• Available records:

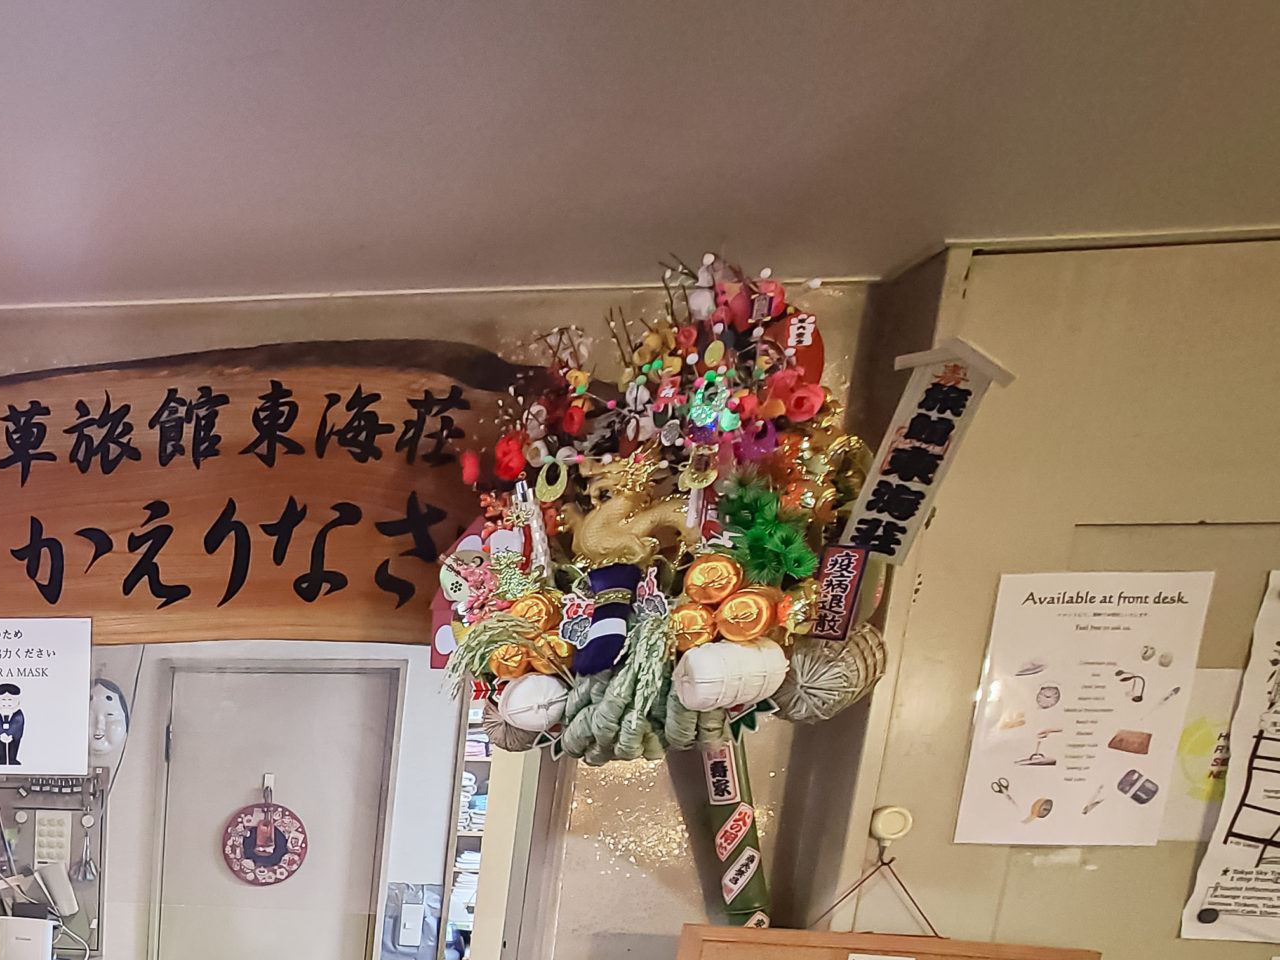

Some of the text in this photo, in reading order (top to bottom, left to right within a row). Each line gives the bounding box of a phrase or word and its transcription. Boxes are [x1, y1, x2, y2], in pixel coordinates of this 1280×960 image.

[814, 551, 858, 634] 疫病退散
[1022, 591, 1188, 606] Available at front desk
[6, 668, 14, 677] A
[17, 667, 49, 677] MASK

• Task description:
Everything in the data must be printed verbatim except the pictures.

• Solution:
Some of the text in this photo, in reading order (top to bottom, left to right within a row). Each line gives the bounding box of a phrase or word and its transcription. Boxes are [x1, y1, x2, y2], in pixel coordinates of this 1280×960 image.

[814, 551, 858, 634] 疫病退散
[1022, 591, 1188, 606] Available at front desk
[6, 668, 14, 677] A
[17, 667, 49, 677] MASK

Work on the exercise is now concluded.